##### DATA RECORDS #####
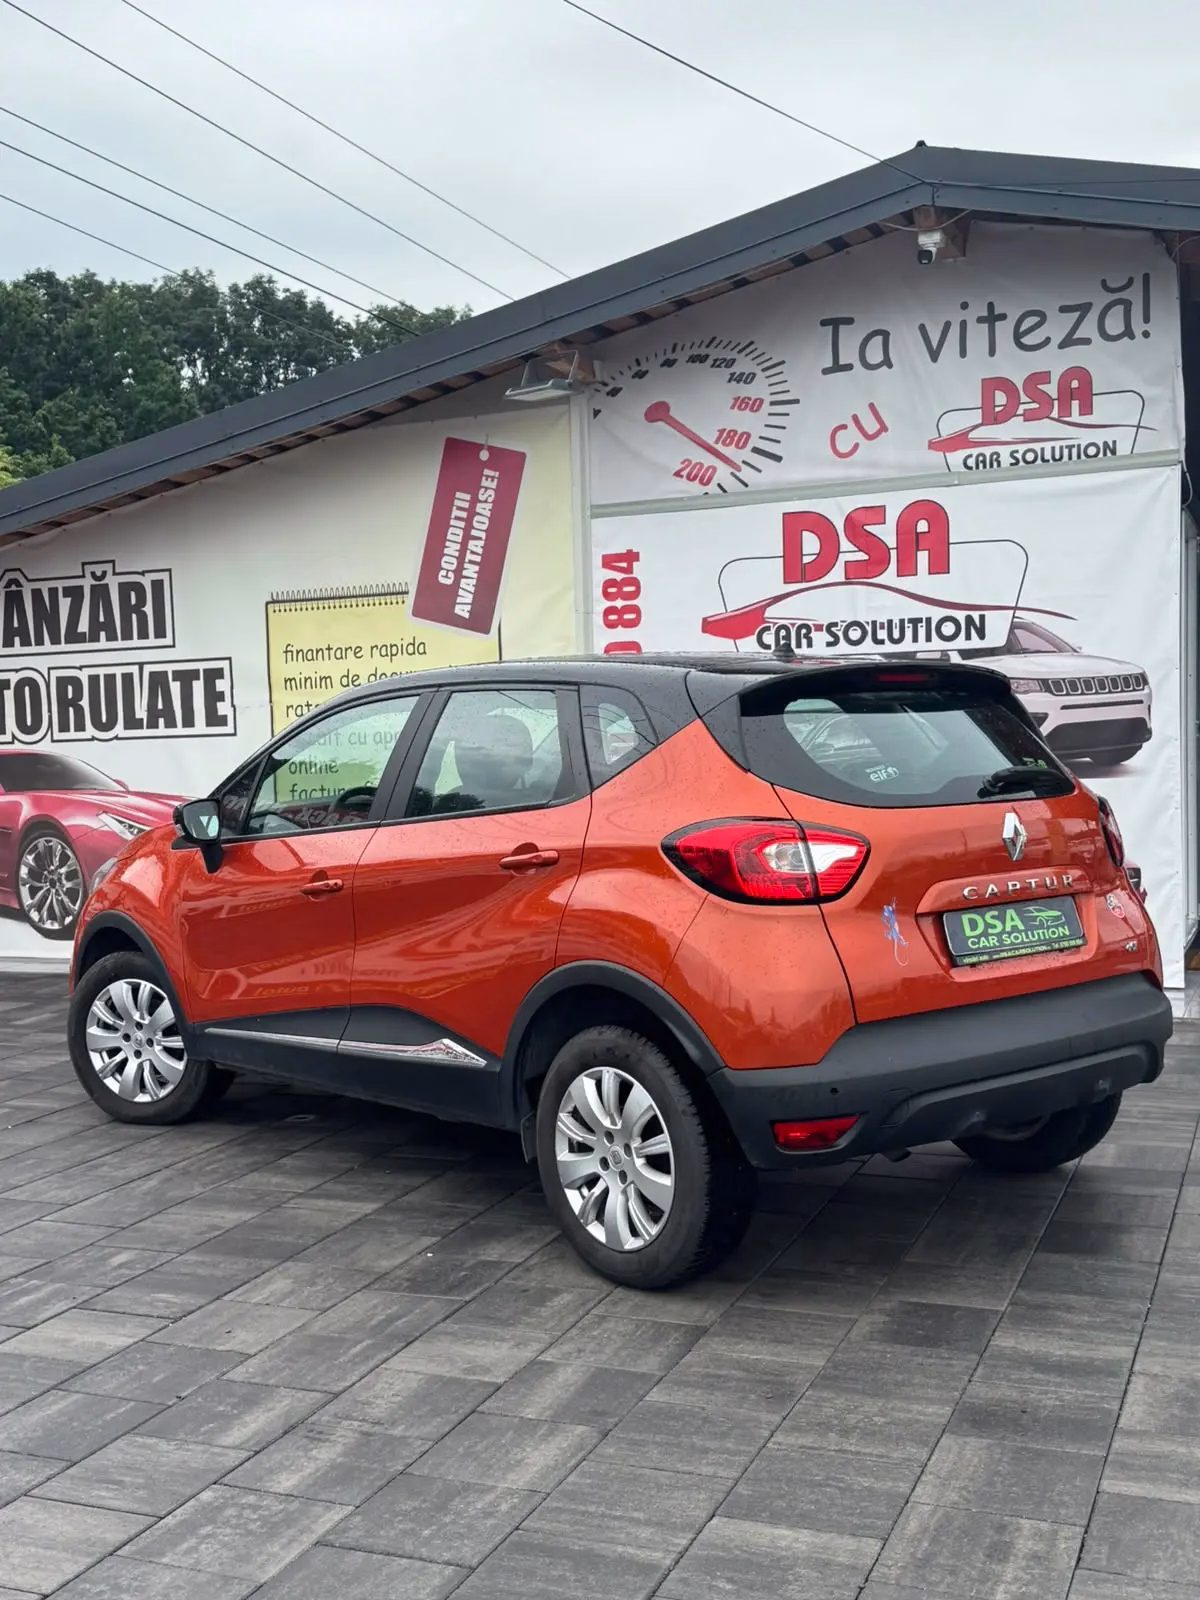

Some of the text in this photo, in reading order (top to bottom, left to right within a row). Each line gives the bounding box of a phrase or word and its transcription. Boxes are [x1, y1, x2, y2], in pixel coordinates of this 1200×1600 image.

[819, 272, 1151, 376] Ia viteză!
[710, 357, 737, 369] 120
[726, 372, 757, 385] 140
[729, 396, 765, 413] 160
[980, 365, 1094, 426] DSA
[713, 428, 752, 450] 180
[829, 402, 889, 459] cu
[962, 440, 1118, 471] CAR SOLUTION
[672, 458, 718, 486] 200
[437, 491, 472, 586] CONDITII
[454, 468, 500, 620] AVANTAJOASE!
[782, 499, 950, 585] DSA
[601, 549, 642, 630] 884
[756, 613, 987, 650] CAR SOLUTION
[283, 636, 428, 665] finantare rapida
[284, 671, 334, 691] minim
[339, 668, 362, 688] de
[55, 666, 229, 733] RULATE
[286, 700, 320, 718] rat
[961, 874, 1074, 900] CAPTUR
[961, 908, 1026, 937] DSA
[967, 936, 1000, 949] CAR
[1002, 925, 1070, 945] SOLUTION
#####
### WORK INSTRUCTIONS
Each line of the material is to be output exactly. Images are not part of the expected output.

### ANSWER BELOW
Some of the text in this photo, in reading order (top to bottom, left to right within a row). Each line gives the bounding box of a phrase or word and its transcription. Boxes are [x1, y1, x2, y2], in pixel coordinates of this 1200×1600 image.

[819, 272, 1151, 376] Ia viteză!
[710, 357, 737, 369] 120
[726, 372, 757, 385] 140
[729, 396, 765, 413] 160
[980, 365, 1094, 426] DSA
[713, 428, 752, 450] 180
[829, 402, 889, 459] cu
[962, 440, 1118, 471] CAR SOLUTION
[672, 458, 718, 486] 200
[437, 491, 472, 586] CONDITII
[454, 468, 500, 620] AVANTAJOASE!
[782, 499, 950, 585] DSA
[601, 549, 642, 630] 884
[756, 613, 987, 650] CAR SOLUTION
[283, 636, 428, 665] finantare rapida
[284, 671, 334, 691] minim
[339, 668, 362, 688] de
[55, 666, 229, 733] RULATE
[286, 700, 320, 718] rat
[961, 874, 1074, 900] CAPTUR
[961, 908, 1026, 937] DSA
[967, 936, 1000, 949] CAR
[1002, 925, 1070, 945] SOLUTION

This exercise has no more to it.